Circulatory effects of coffee in relation to the pharmacokinetics of caffeine

Drinking coffee results in an increase in blood pressure (BP) after an interval of caffeine abstinence. During chronic caffeine intake this pressor response disappears and adaptation to the circulatory effects of caffeine develops. This study was designed to determine whether a pressor response to coffee occurs during chronic caffeine intake if low basal plasma caffeine levels are achieved by a period of caffeine abstinence, defined by individual plasma caffeine half-life. In 8 normotensive subjects, circulatory measurements were studied after ingestion of coffee in 2 strengths, decaffeinated coffee and hot water after a caffeine abstinence of 4.5 times individual caffeine half-life. These measurements were compared to the same protocol without intervention. Coffee of both strengths resulted in a similar increase in BP (diastolic BP +/- 15%). The coffee-induced increase in forearm blood flow and plasma epinephrine levels were less pronounced. Decaffeinated coffee induced a smaller increase of diastolic BP, and after water, no changes were observed. Additionally, a negative correlation was found between the coffee-induced BP increase and basal plasma caffeine level in a group of 30 normotensive subjects (r = -0.71, p less than 0.001). During chronic caffeine intake, subjects with short plasma caffeine half-life are exposed to a pressor response after drinking coffee, despite the phenomenon of adaptation.

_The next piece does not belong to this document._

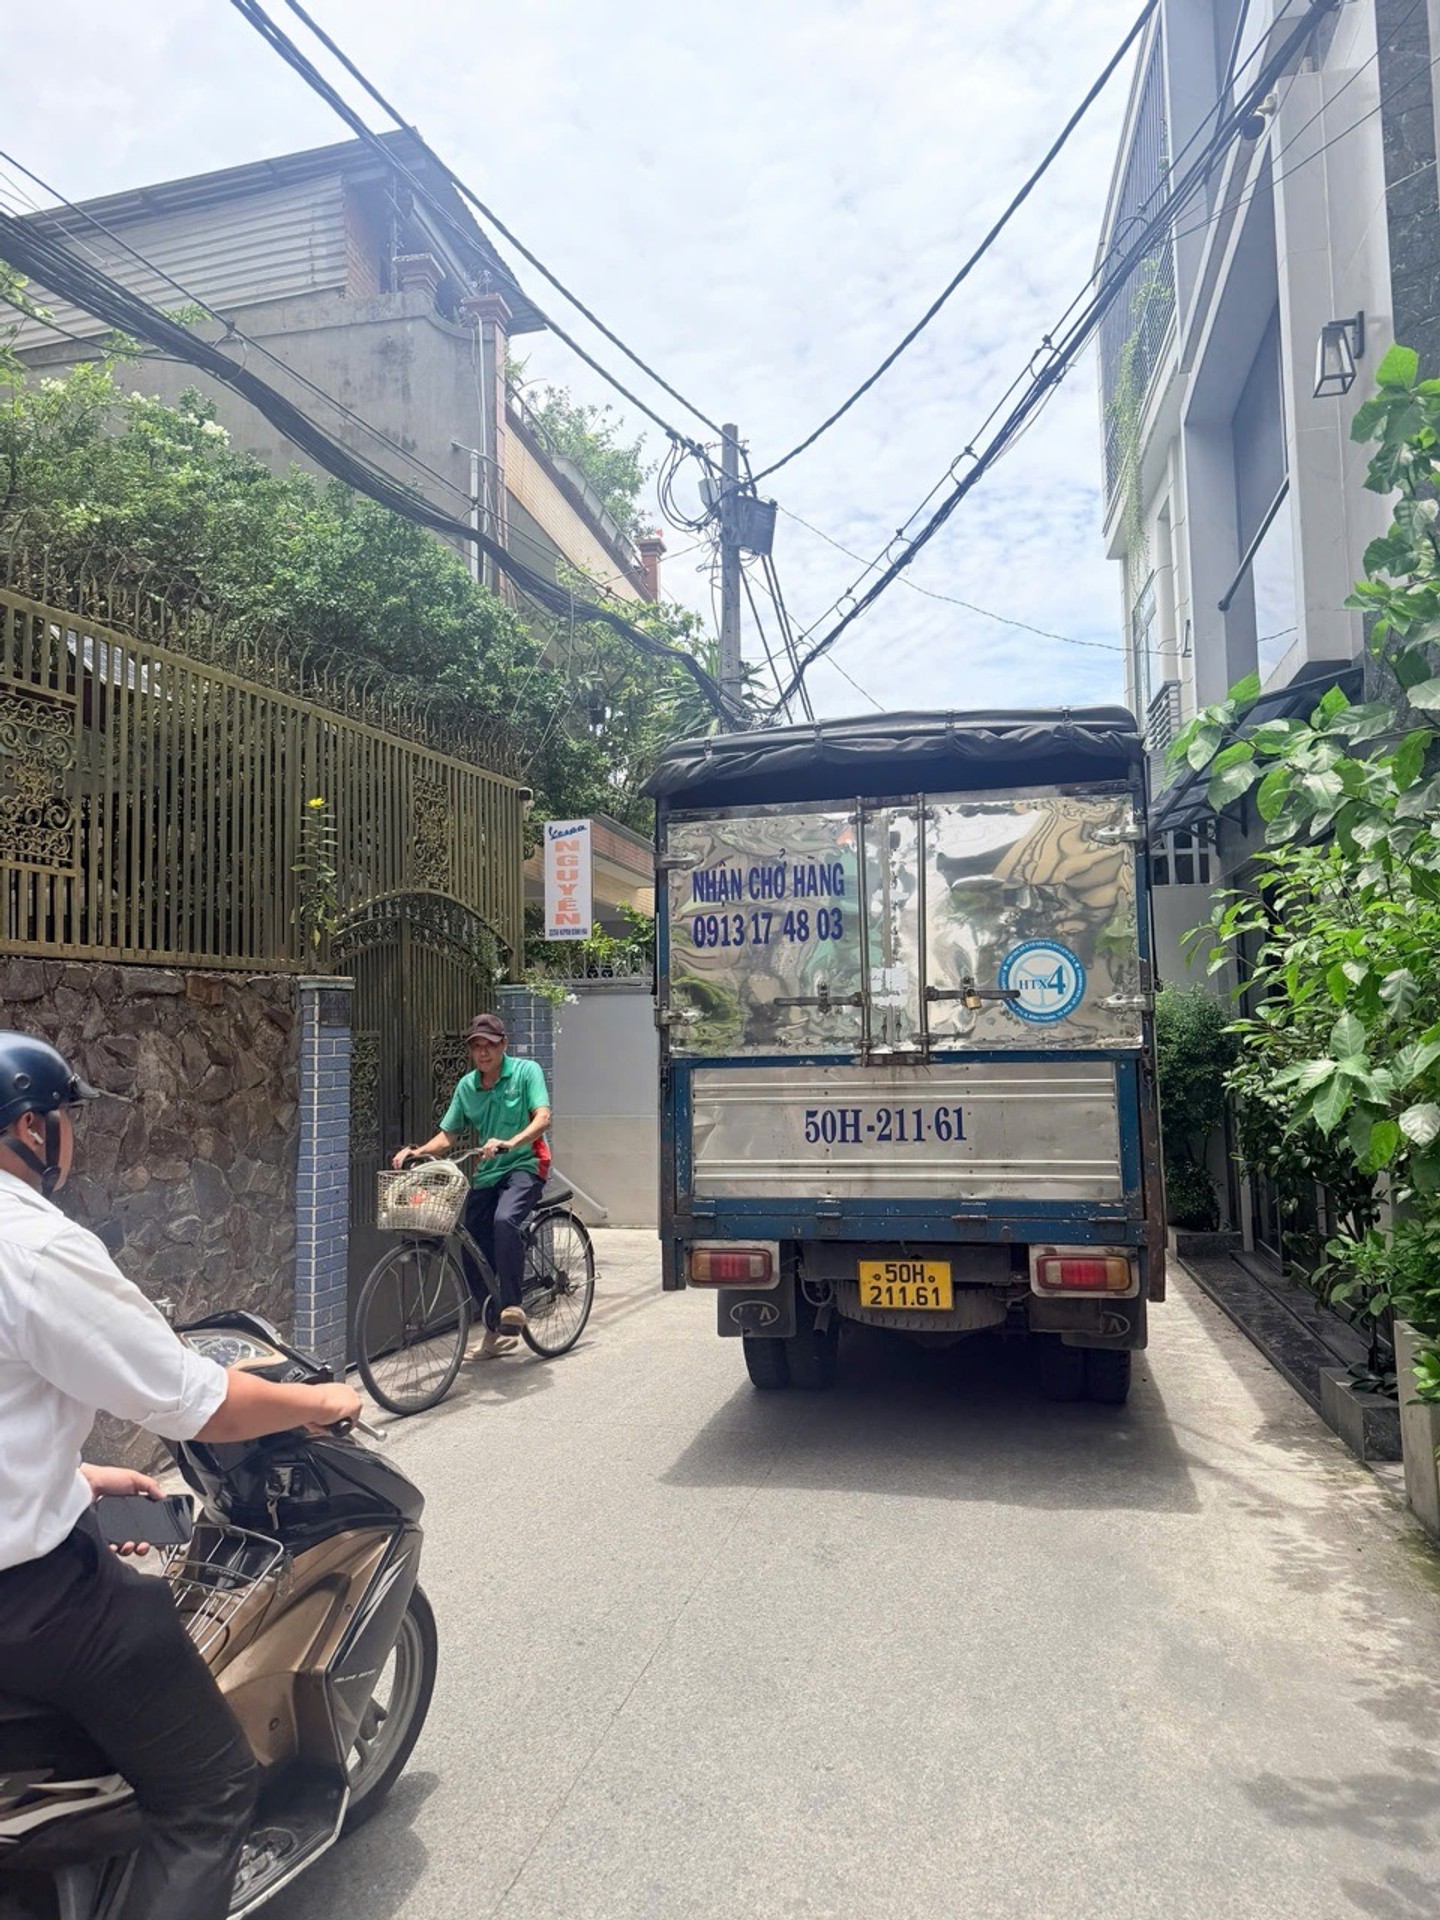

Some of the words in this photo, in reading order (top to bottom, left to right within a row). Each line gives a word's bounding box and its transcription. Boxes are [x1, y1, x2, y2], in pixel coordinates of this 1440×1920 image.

Hemodynamic and humoral effects of coffee after β1-selective and nonselective β-blockade

Several studies report a substantial rise in plasma catecholamines after caffeine. Epinephrine infusion induces a pressor response after nonselective β‐blockade. We studied the hemodynamic and humoral effects of drinking coffee after placebo and after both nonselective (propranolol) and β1‐selective (metoprolol) blockade in 12 normotensive subjects. After placebo, coffee induced a rise in systolic and diastolic blood pressure and a fall in heart rate, whereas forearm blood flow did not change. Plasma catecholamines, especially epinephrine (+150%), rose and plasma renin activity, fell after drinking coffee. The effects of coffee on blood pressure, forearm blood flow, and all humoral parameters were not altered by pretreatment with propranolol or metoprolol. The fall in heart rate after coffee, however, seemed to be greater during propranolol. We conclude that the rise in plasma epinephrine after coffee was too small to reveal differences in reaction in propranolol‐ and metoprolol‐pretreated subjects.

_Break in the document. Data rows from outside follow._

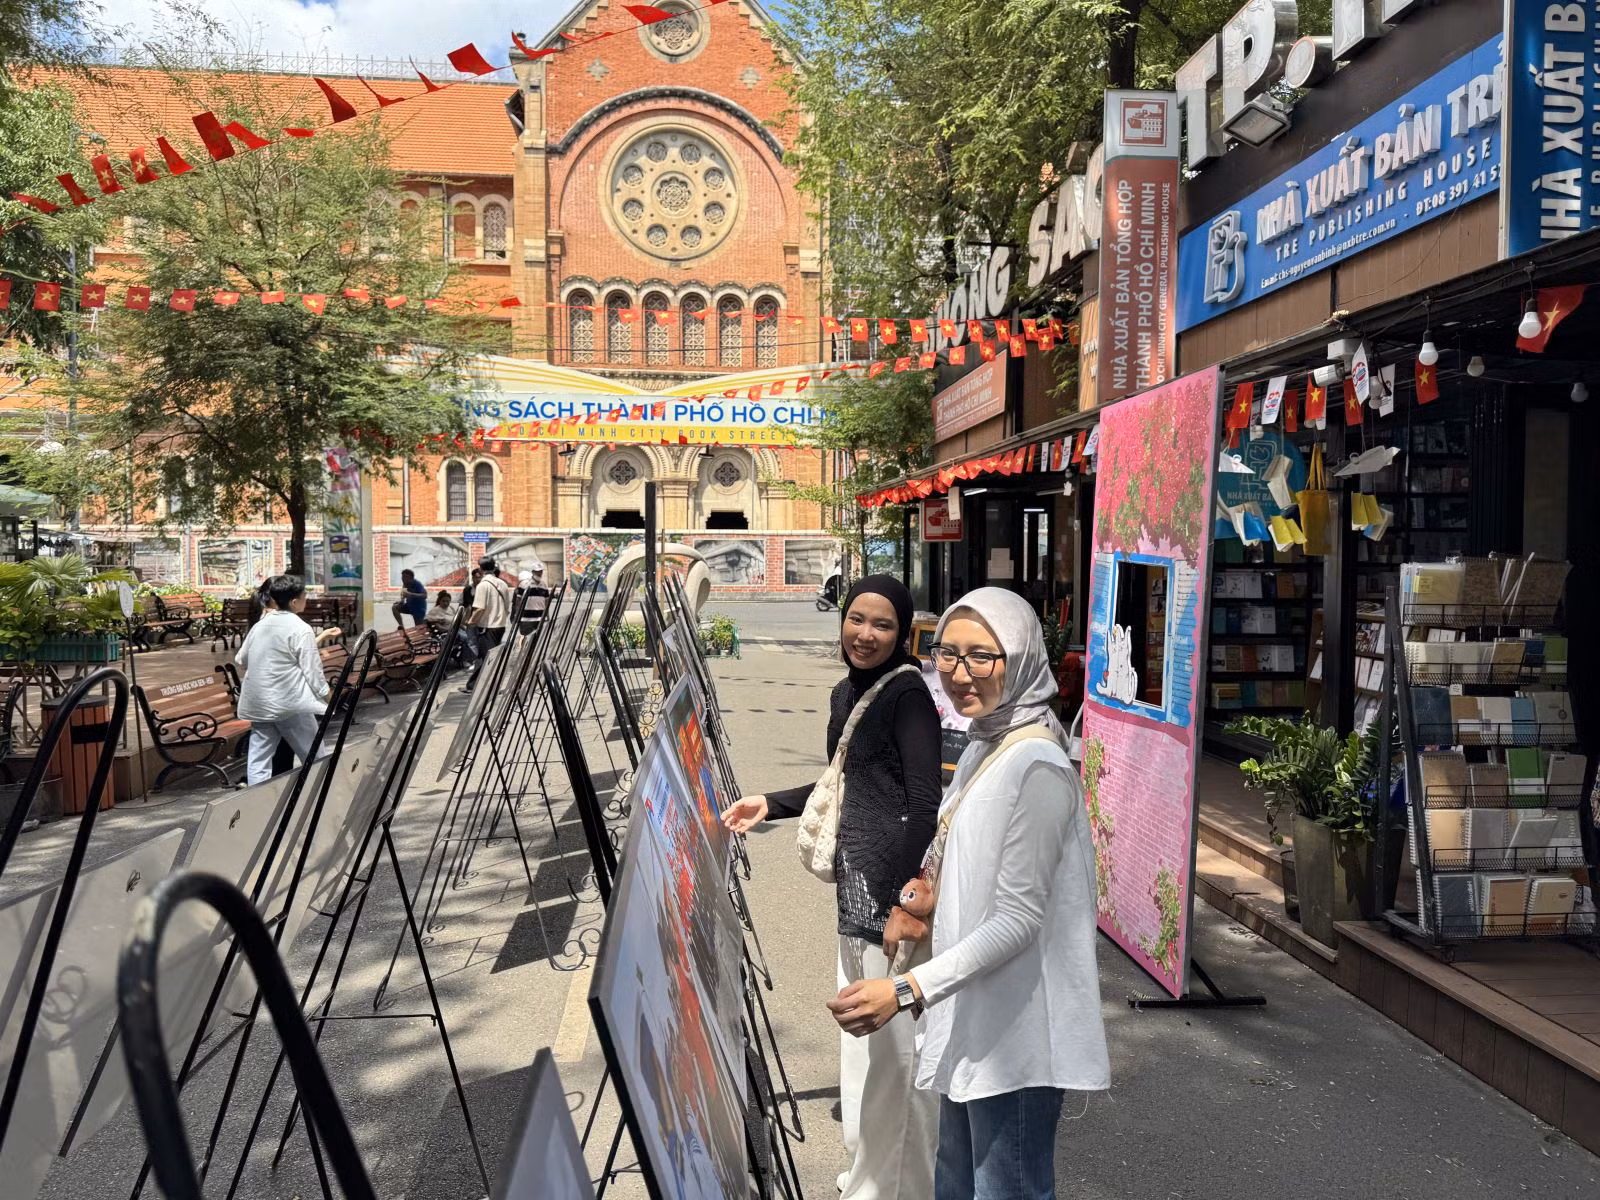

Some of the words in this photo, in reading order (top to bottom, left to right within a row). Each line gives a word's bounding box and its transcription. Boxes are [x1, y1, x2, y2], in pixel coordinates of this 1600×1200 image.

[1529, 43, 1585, 155] XUẤT
[1256, 181, 1303, 245] NHÀ
[1305, 137, 1373, 218] XUẤT
[1374, 104, 1440, 180] BẢN
[1449, 179, 1469, 201] 391
[1473, 170, 1487, 188] 41
[1118, 179, 1135, 214] HỢP
[1141, 182, 1156, 225] MINH
[1162, 182, 1171, 214] HOUSE
[1276, 238, 1298, 262] TRE
[1309, 181, 1407, 245] PUBLISHING
[1424, 137, 1491, 189] HOUSE
[1110, 221, 1132, 269] TỔNG
[1140, 229, 1154, 257] CHÍ
[1161, 215, 1169, 269] PUBLISHING
[1110, 271, 1130, 303] BẢN
[1159, 269, 1168, 311] GENERAL
[1136, 291, 1152, 328] PHỐ
[1158, 311, 1167, 332] CITY
[1110, 313, 1129, 350] XUẤT
[1157, 332, 1166, 361] MINH
[1110, 355, 1127, 389] NHÀ
[1133, 331, 1151, 390] THÀNH
[1157, 361, 1165, 377] CHI
[508, 396, 574, 419] SÁCH
[582, 398, 666, 421] THÀNH
[674, 400, 724, 422] PHỐ
[732, 401, 766, 423] HỒ
[539, 426, 564, 437] CI
[578, 427, 617, 437] MINH
[630, 428, 665, 438] CITY
[730, 430, 786, 441] STREET

Effect of low‐dose epinephrine infusion on hemodynamics after selective and nonselective β‐blockade in hypertension

We studied hemodynamic effects of low doses of epinephrine in five hypertensive patients receiving long‐term treatment with propranolol and metoprolol. Epinephrine was infused at graded rates of 0.5, 1.0, 2.0, and 4.0 µg/min. During propranolol treatment epinephrine induced a marked pressor effect at all rates. There was a considerable rise in systolic as well as in diastolic blood pressure and heart rate fell. During metoprolol treatment there was only a slight rise in blood pressure and heart rate rose. Forearm blood flow was decreased by epinephrine during propranolol. Calculated forearm vascular resistance showed opposite effects. We conclude that infusion of small doses of epinephrine results in a marked difference in reaction in propranolol‐ and metoprolol‐treated patients and that this may have relevance in the choice of beta blocker to be used in the treatment of hypertension.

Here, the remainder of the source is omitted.